What the task requires – Leave every image out, and print the remaining lines below exactly.

Data records –
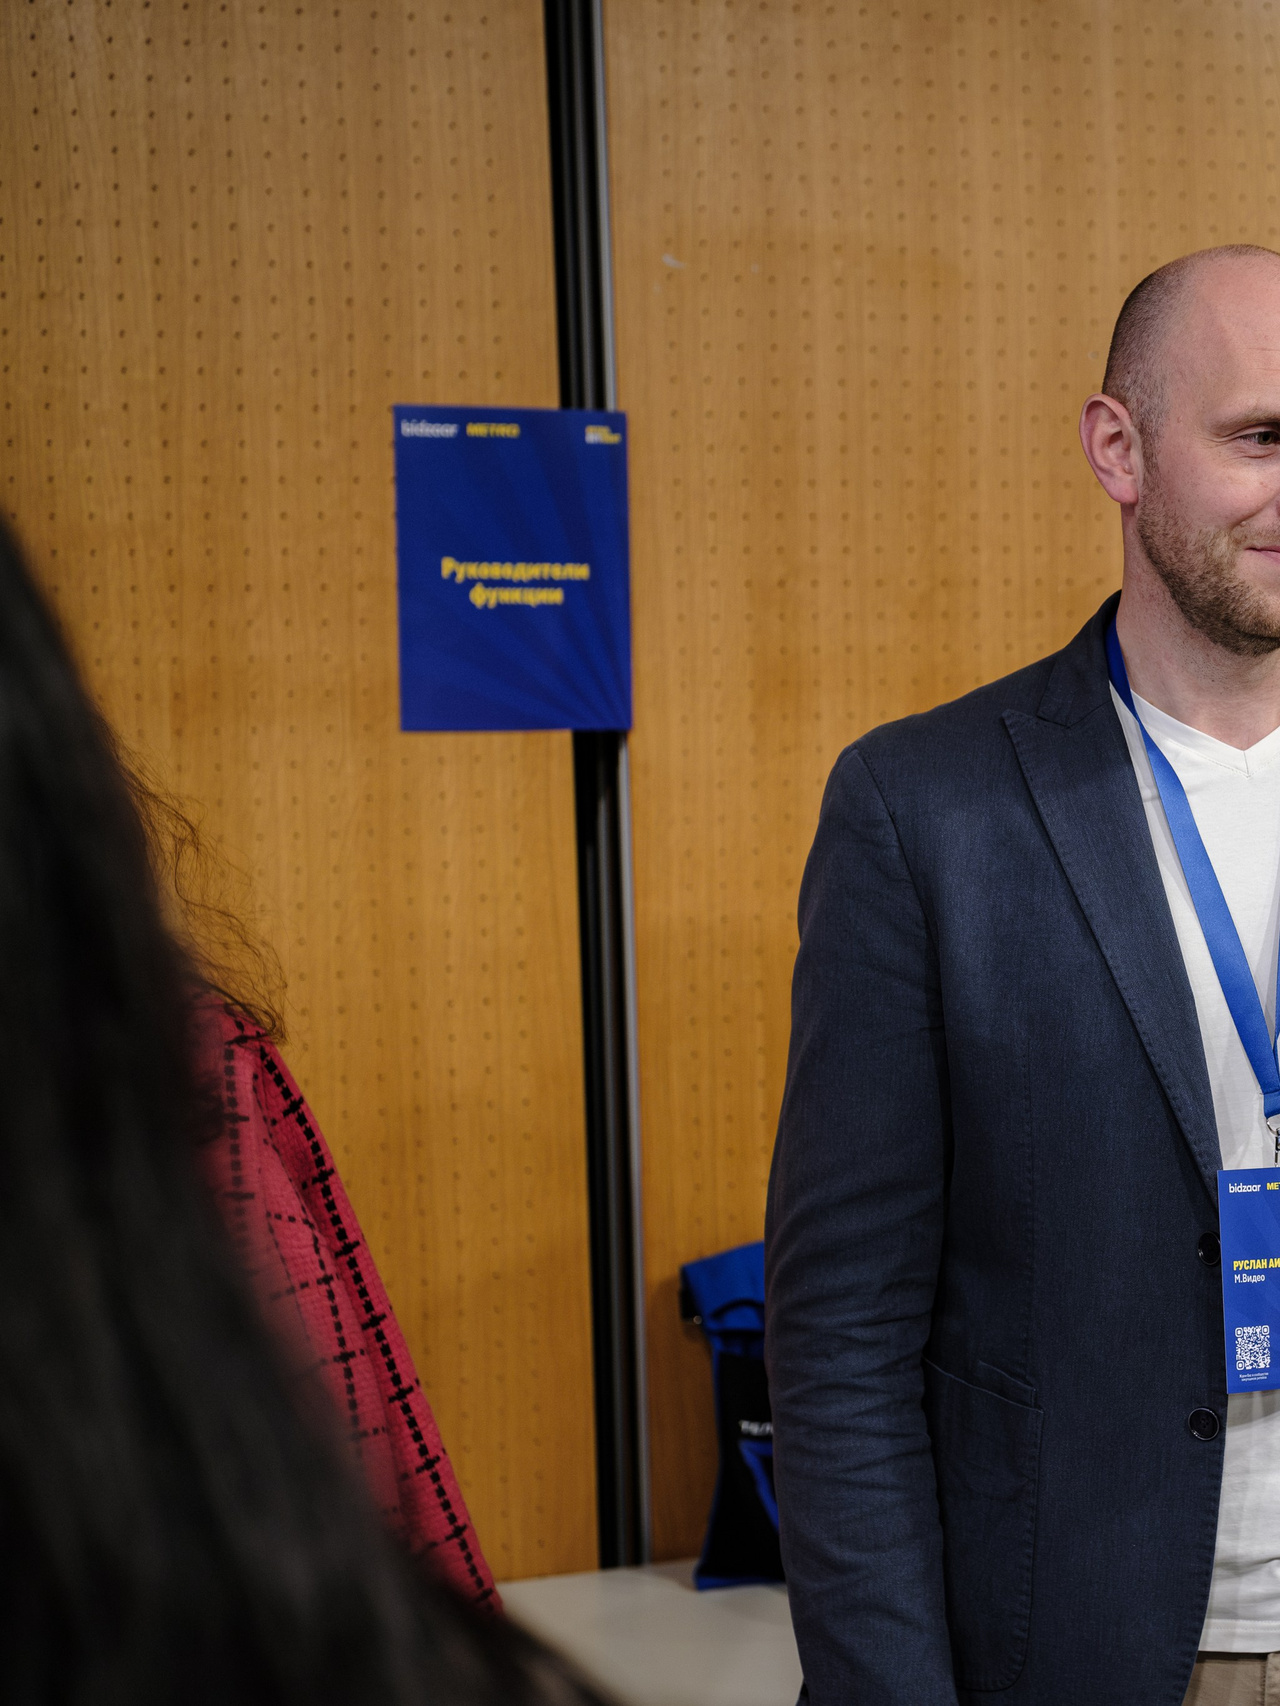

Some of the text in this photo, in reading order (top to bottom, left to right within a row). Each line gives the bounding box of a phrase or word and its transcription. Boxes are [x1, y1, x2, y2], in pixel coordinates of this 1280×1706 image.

[466, 422, 520, 438] METRO
[441, 556, 590, 583] Руководители
[1228, 1183, 1261, 1193] bidzaar
[1233, 1258, 1267, 1271] РУСЛАН
[1234, 1273, 1265, 1284] М.Видео
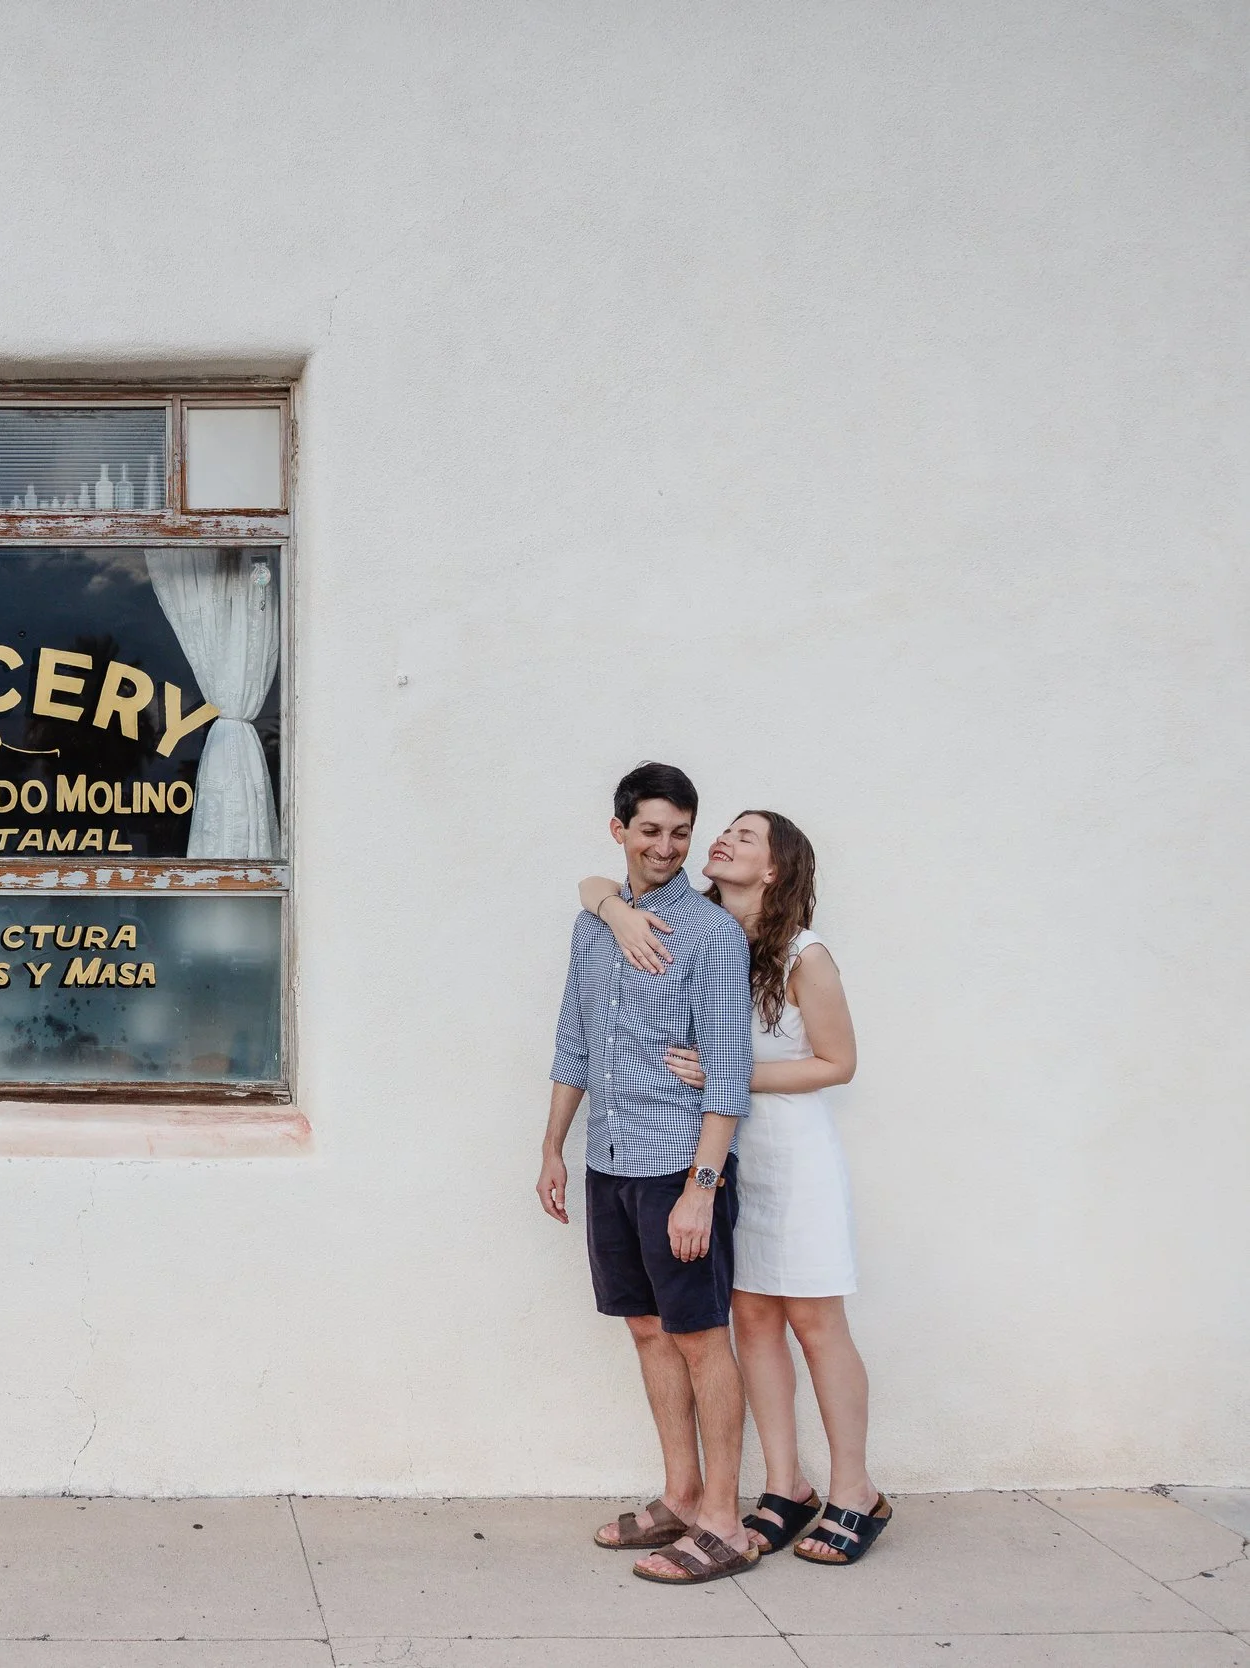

Response to the exercise –
Some of the text in this photo, in reading order (top to bottom, left to right within a row). Each line gives the bounding box of a phrase or word and its transcription. Boxes are [x1, y1, x2, y2], in pixel coordinates of this 1280×1706 image.

[466, 422, 520, 438] METRO
[441, 556, 590, 583] Руководители
[1228, 1183, 1261, 1193] bidzaar
[1233, 1258, 1267, 1271] РУСЛАН
[1234, 1273, 1265, 1284] М.Видео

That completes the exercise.